*** Exercise inputs Section Begins ***

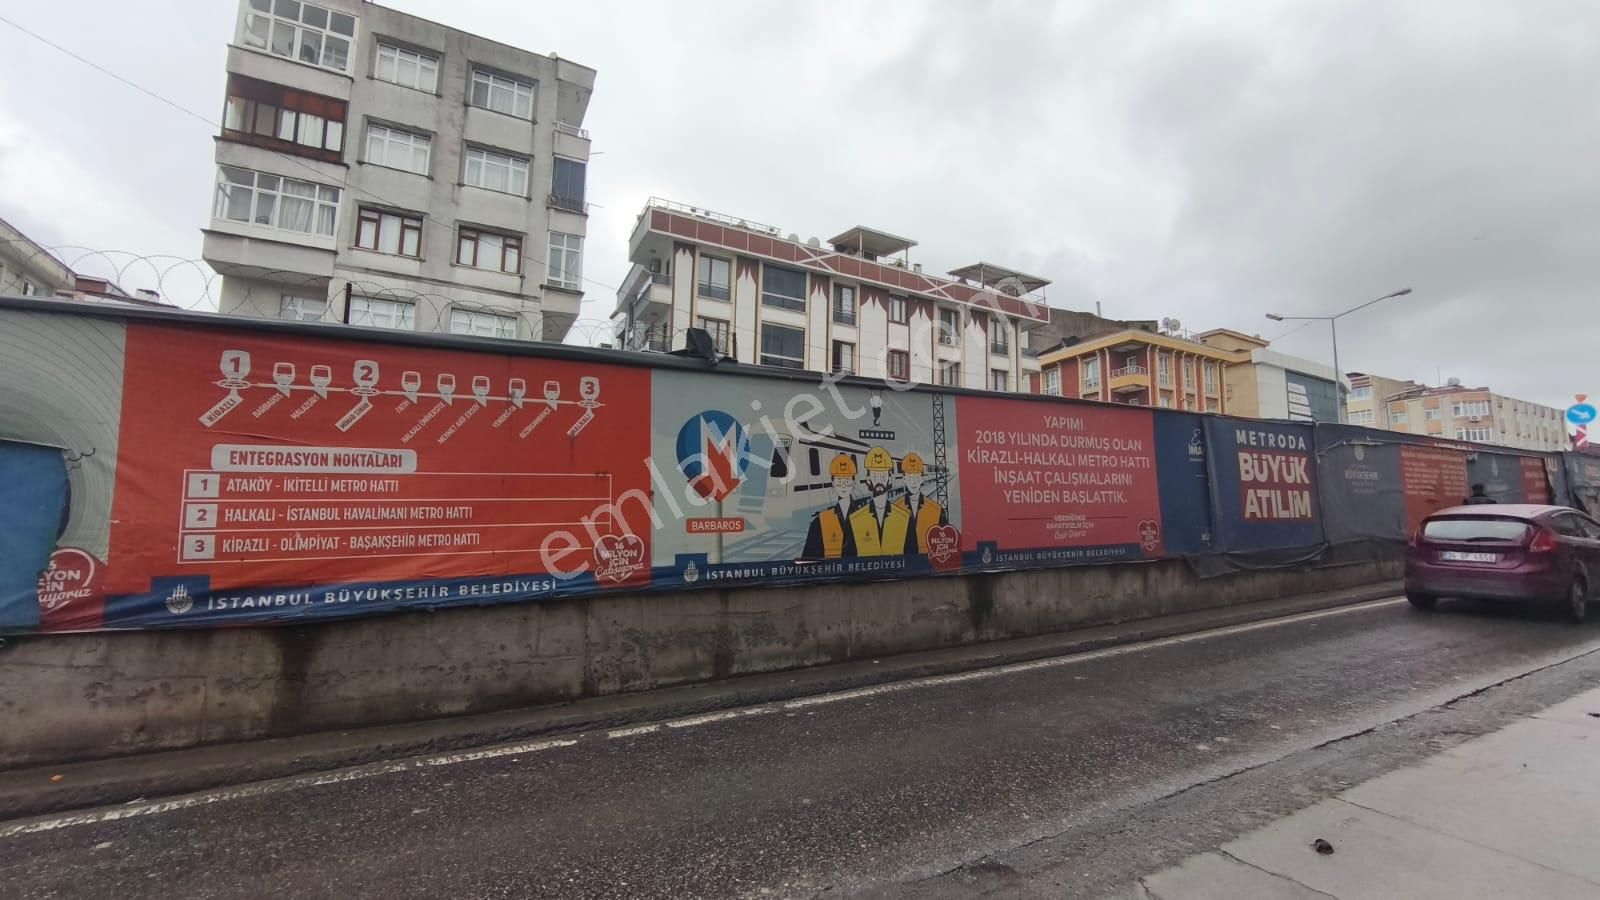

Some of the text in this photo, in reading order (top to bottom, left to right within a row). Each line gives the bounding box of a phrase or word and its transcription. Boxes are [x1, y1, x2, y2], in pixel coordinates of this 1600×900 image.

[229, 356, 241, 373] 1
[359, 365, 373, 381] 2
[584, 381, 595, 395] 3
[206, 398, 237, 423] KİRAZLI
[1043, 415, 1084, 431] YAPIMI
[975, 430, 1142, 452] 2018 YILINDA DURMUŞ OLAN
[1235, 429, 1306, 450] METRODA
[229, 450, 402, 468] ENTEGRASYON NOKTALARI
[967, 447, 1150, 469] KİRAZLI-HALKALI METRO HATTI
[1238, 452, 1310, 484] BÜYÜK
[200, 477, 209, 492] 1
[226, 477, 273, 493] ATAKÖY
[283, 476, 329, 493] İKİTELLİ
[331, 479, 367, 493] METRO
[370, 479, 399, 493] HATTI
[994, 466, 1133, 488] İNŞAAT ÇALIŞMALARINI
[1003, 486, 1128, 506] YENİDEN BAŞLATTIK.
[1244, 489, 1312, 518] ATILIM
[196, 508, 208, 522] 2
[224, 507, 276, 522] HALKALI
[286, 505, 341, 521] İSTANBUL
[344, 505, 408, 520] HAVALİMANI
[410, 507, 445, 520] METRO
[446, 506, 472, 519] HATTI
[691, 520, 741, 531] BARBAROS
[193, 539, 205, 553] 3
[222, 536, 270, 553] KİRAZLI
[280, 534, 340, 551] OLİMPİYAT
[350, 532, 416, 550] BAŞAKŞEHİR
[418, 533, 451, 547] METRO
[453, 533, 480, 546] HATTI
[614, 542, 624, 550] 16
[996, 547, 1126, 561] İSTANBUL BÜYÜKŞEHİR BELEDİYESİ
[706, 559, 906, 580] İSTANBUL BÜYÜKŞEHİR BELEDİYESİ
[207, 580, 557, 611] İSTANBUL BÜYÜKŞEHİR BELEDİYESİ

*** Exercise inputs Section Ends ***

> _What you need to do_: Set the pictures aside and reproduce the data above exactly.

> _Answer area_:
Some of the text in this photo, in reading order (top to bottom, left to right within a row). Each line gives the bounding box of a phrase or word and its transcription. Boxes are [x1, y1, x2, y2], in pixel coordinates of this 1600×900 image.

[229, 356, 241, 373] 1
[359, 365, 373, 381] 2
[584, 381, 595, 395] 3
[206, 398, 237, 423] KİRAZLI
[1043, 415, 1084, 431] YAPIMI
[975, 430, 1142, 452] 2018 YILINDA DURMUŞ OLAN
[1235, 429, 1306, 450] METRODA
[229, 450, 402, 468] ENTEGRASYON NOKTALARI
[967, 447, 1150, 469] KİRAZLI-HALKALI METRO HATTI
[1238, 452, 1310, 484] BÜYÜK
[200, 477, 209, 492] 1
[226, 477, 273, 493] ATAKÖY
[283, 476, 329, 493] İKİTELLİ
[331, 479, 367, 493] METRO
[370, 479, 399, 493] HATTI
[994, 466, 1133, 488] İNŞAAT ÇALIŞMALARINI
[1003, 486, 1128, 506] YENİDEN BAŞLATTIK.
[1244, 489, 1312, 518] ATILIM
[196, 508, 208, 522] 2
[224, 507, 276, 522] HALKALI
[286, 505, 341, 521] İSTANBUL
[344, 505, 408, 520] HAVALİMANI
[410, 507, 445, 520] METRO
[446, 506, 472, 519] HATTI
[691, 520, 741, 531] BARBAROS
[193, 539, 205, 553] 3
[222, 536, 270, 553] KİRAZLI
[280, 534, 340, 551] OLİMPİYAT
[350, 532, 416, 550] BAŞAKŞEHİR
[418, 533, 451, 547] METRO
[453, 533, 480, 546] HATTI
[614, 542, 624, 550] 16
[996, 547, 1126, 561] İSTANBUL BÜYÜKŞEHİR BELEDİYESİ
[706, 559, 906, 580] İSTANBUL BÜYÜKŞEHİR BELEDİYESİ
[207, 580, 557, 611] İSTANBUL BÜYÜKŞEHİR BELEDİYESİ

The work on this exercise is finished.